== Task directions ==
Every record needs to be set down again without a single difference.
START Data supplied
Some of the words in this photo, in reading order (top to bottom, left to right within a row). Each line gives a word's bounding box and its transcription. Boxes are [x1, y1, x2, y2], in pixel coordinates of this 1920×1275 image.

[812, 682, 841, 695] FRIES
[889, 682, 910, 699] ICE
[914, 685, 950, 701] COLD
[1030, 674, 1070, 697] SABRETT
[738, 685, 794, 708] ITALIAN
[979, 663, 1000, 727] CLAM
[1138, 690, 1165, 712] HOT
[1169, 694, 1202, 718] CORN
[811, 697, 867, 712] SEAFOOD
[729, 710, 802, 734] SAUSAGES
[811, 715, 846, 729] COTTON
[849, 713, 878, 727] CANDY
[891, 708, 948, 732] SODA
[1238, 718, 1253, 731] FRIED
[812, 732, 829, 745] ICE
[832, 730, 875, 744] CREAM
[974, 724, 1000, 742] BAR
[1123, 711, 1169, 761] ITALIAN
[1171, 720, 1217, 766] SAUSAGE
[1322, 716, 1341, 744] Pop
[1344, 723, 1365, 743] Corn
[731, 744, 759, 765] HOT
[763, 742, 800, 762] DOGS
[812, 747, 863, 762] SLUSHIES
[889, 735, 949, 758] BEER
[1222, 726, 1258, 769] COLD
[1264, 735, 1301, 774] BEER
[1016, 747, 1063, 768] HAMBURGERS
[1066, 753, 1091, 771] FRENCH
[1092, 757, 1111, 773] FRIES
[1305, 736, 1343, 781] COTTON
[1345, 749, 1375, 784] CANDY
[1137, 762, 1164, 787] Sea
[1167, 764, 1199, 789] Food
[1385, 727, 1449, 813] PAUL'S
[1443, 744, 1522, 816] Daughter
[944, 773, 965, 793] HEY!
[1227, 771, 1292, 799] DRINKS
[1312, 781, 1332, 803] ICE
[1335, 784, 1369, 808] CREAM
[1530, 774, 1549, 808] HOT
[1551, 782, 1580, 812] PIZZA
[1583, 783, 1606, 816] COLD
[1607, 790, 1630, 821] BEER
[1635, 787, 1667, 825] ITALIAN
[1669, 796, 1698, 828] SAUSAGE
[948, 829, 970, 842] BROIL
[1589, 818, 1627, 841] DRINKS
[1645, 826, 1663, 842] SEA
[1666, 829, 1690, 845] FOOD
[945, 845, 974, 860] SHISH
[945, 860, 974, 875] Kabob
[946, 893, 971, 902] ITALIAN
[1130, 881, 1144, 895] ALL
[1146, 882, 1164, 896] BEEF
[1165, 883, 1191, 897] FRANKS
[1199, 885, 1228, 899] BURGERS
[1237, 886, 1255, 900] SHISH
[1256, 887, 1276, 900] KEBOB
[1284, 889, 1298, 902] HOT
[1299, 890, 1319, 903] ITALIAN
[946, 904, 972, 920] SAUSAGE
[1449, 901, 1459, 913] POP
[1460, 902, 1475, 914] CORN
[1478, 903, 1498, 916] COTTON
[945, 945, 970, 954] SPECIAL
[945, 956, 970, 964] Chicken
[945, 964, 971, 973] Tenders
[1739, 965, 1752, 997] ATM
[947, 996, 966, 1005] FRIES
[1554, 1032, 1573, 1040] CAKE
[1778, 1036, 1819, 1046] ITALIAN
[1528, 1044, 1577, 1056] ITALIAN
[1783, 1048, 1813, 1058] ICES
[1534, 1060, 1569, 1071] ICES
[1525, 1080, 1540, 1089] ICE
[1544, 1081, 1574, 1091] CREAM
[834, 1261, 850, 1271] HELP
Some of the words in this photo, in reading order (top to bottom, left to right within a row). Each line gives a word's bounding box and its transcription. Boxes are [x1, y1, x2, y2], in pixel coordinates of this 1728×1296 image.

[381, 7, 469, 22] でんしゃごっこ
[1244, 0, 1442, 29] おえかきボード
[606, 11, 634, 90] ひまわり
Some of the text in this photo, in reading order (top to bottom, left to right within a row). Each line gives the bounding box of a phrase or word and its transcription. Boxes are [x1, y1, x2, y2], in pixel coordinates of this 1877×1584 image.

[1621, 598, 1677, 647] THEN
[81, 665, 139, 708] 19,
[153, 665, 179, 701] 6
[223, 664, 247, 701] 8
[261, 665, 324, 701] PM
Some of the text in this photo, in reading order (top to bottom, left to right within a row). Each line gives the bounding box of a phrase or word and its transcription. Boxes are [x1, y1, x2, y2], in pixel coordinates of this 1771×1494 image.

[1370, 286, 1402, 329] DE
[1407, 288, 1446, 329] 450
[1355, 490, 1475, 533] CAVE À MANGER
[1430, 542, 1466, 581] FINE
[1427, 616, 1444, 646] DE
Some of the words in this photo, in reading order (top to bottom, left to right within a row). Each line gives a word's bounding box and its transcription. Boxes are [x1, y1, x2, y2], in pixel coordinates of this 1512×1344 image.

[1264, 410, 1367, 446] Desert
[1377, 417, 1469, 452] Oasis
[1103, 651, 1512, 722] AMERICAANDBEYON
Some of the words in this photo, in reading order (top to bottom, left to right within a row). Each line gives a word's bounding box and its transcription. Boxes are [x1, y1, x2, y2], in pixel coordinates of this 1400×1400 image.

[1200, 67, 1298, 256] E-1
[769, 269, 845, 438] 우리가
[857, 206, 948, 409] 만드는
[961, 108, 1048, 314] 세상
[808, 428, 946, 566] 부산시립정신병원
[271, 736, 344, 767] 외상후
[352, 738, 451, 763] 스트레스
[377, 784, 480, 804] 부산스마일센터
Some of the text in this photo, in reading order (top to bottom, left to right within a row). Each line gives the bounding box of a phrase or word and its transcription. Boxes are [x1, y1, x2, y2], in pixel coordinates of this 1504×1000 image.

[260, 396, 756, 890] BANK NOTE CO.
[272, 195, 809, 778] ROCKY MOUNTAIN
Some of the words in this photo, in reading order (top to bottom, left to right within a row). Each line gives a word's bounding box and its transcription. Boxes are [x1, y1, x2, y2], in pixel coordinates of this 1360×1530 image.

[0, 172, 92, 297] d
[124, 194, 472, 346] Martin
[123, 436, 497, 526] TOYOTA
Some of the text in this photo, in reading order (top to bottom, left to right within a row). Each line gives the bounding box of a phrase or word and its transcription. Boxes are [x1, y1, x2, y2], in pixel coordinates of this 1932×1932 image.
END Data supplied
== Answer to this problem ==
Some of the words in this photo, in reading order (top to bottom, left to right within a row). Each line gives a word's bounding box and its transcription. Boxes are [x1, y1, x2, y2], in pixel coordinates of this 1920×1275 image.

[812, 682, 841, 695] FRIES
[889, 682, 910, 699] ICE
[914, 685, 950, 701] COLD
[1030, 674, 1070, 697] SABRETT
[738, 685, 794, 708] ITALIAN
[979, 663, 1000, 727] CLAM
[1138, 690, 1165, 712] HOT
[1169, 694, 1202, 718] CORN
[811, 697, 867, 712] SEAFOOD
[729, 710, 802, 734] SAUSAGES
[811, 715, 846, 729] COTTON
[849, 713, 878, 727] CANDY
[891, 708, 948, 732] SODA
[1238, 718, 1253, 731] FRIED
[812, 732, 829, 745] ICE
[832, 730, 875, 744] CREAM
[974, 724, 1000, 742] BAR
[1123, 711, 1169, 761] ITALIAN
[1171, 720, 1217, 766] SAUSAGE
[1322, 716, 1341, 744] Pop
[1344, 723, 1365, 743] Corn
[731, 744, 759, 765] HOT
[763, 742, 800, 762] DOGS
[812, 747, 863, 762] SLUSHIES
[889, 735, 949, 758] BEER
[1222, 726, 1258, 769] COLD
[1264, 735, 1301, 774] BEER
[1016, 747, 1063, 768] HAMBURGERS
[1066, 753, 1091, 771] FRENCH
[1092, 757, 1111, 773] FRIES
[1305, 736, 1343, 781] COTTON
[1345, 749, 1375, 784] CANDY
[1137, 762, 1164, 787] Sea
[1167, 764, 1199, 789] Food
[1385, 727, 1449, 813] PAUL'S
[1443, 744, 1522, 816] Daughter
[944, 773, 965, 793] HEY!
[1227, 771, 1292, 799] DRINKS
[1312, 781, 1332, 803] ICE
[1335, 784, 1369, 808] CREAM
[1530, 774, 1549, 808] HOT
[1551, 782, 1580, 812] PIZZA
[1583, 783, 1606, 816] COLD
[1607, 790, 1630, 821] BEER
[1635, 787, 1667, 825] ITALIAN
[1669, 796, 1698, 828] SAUSAGE
[948, 829, 970, 842] BROIL
[1589, 818, 1627, 841] DRINKS
[1645, 826, 1663, 842] SEA
[1666, 829, 1690, 845] FOOD
[945, 845, 974, 860] SHISH
[945, 860, 974, 875] Kabob
[946, 893, 971, 902] ITALIAN
[1130, 881, 1144, 895] ALL
[1146, 882, 1164, 896] BEEF
[1165, 883, 1191, 897] FRANKS
[1199, 885, 1228, 899] BURGERS
[1237, 886, 1255, 900] SHISH
[1256, 887, 1276, 900] KEBOB
[1284, 889, 1298, 902] HOT
[1299, 890, 1319, 903] ITALIAN
[946, 904, 972, 920] SAUSAGE
[1449, 901, 1459, 913] POP
[1460, 902, 1475, 914] CORN
[1478, 903, 1498, 916] COTTON
[945, 945, 970, 954] SPECIAL
[945, 956, 970, 964] Chicken
[945, 964, 971, 973] Tenders
[1739, 965, 1752, 997] ATM
[947, 996, 966, 1005] FRIES
[1554, 1032, 1573, 1040] CAKE
[1778, 1036, 1819, 1046] ITALIAN
[1528, 1044, 1577, 1056] ITALIAN
[1783, 1048, 1813, 1058] ICES
[1534, 1060, 1569, 1071] ICES
[1525, 1080, 1540, 1089] ICE
[1544, 1081, 1574, 1091] CREAM
[834, 1261, 850, 1271] HELP
Some of the words in this photo, in reading order (top to bottom, left to right within a row). Each line gives a word's bounding box and its transcription. Boxes are [x1, y1, x2, y2], in pixel coordinates of this 1728×1296 image.

[381, 7, 469, 22] でんしゃごっこ
[1244, 0, 1442, 29] おえかきボード
[606, 11, 634, 90] ひまわり
Some of the text in this photo, in reading order (top to bottom, left to right within a row). Each line gives the bounding box of a phrase or word and its transcription. Boxes are [x1, y1, x2, y2], in pixel coordinates of this 1877×1584 image.

[1621, 598, 1677, 647] THEN
[81, 665, 139, 708] 19,
[153, 665, 179, 701] 6
[223, 664, 247, 701] 8
[261, 665, 324, 701] PM
Some of the text in this photo, in reading order (top to bottom, left to right within a row). Each line gives the bounding box of a phrase or word and its transcription. Boxes are [x1, y1, x2, y2], in pixel coordinates of this 1771×1494 image.

[1370, 286, 1402, 329] DE
[1407, 288, 1446, 329] 450
[1355, 490, 1475, 533] CAVE À MANGER
[1430, 542, 1466, 581] FINE
[1427, 616, 1444, 646] DE
Some of the words in this photo, in reading order (top to bottom, left to right within a row). Each line gives a word's bounding box and its transcription. Boxes are [x1, y1, x2, y2], in pixel coordinates of this 1512×1344 image.

[1264, 410, 1367, 446] Desert
[1377, 417, 1469, 452] Oasis
[1103, 651, 1512, 722] AMERICAANDBEYON
Some of the words in this photo, in reading order (top to bottom, left to right within a row). Each line gives a word's bounding box and its transcription. Boxes are [x1, y1, x2, y2], in pixel coordinates of this 1400×1400 image.

[1200, 67, 1298, 256] E-1
[769, 269, 845, 438] 우리가
[857, 206, 948, 409] 만드는
[961, 108, 1048, 314] 세상
[808, 428, 946, 566] 부산시립정신병원
[271, 736, 344, 767] 외상후
[352, 738, 451, 763] 스트레스
[377, 784, 480, 804] 부산스마일센터
Some of the text in this photo, in reading order (top to bottom, left to right within a row). Each line gives the bounding box of a phrase or word and its transcription. Boxes are [x1, y1, x2, y2], in pixel coordinates of this 1504×1000 image.

[260, 396, 756, 890] BANK NOTE CO.
[272, 195, 809, 778] ROCKY MOUNTAIN
Some of the words in this photo, in reading order (top to bottom, left to right within a row). Each line gives a word's bounding box and its transcription. Boxes are [x1, y1, x2, y2], in pixel coordinates of this 1360×1530 image.

[0, 172, 92, 297] d
[124, 194, 472, 346] Martin
[123, 436, 497, 526] TOYOTA
Some of the text in this photo, in reading order (top to bottom, left to right within a row). Each line gives the bounding box of a phrase or word and its transcription. Boxes are [x1, y1, x2, y2], in pixel coordinates of this 1932×1932 image.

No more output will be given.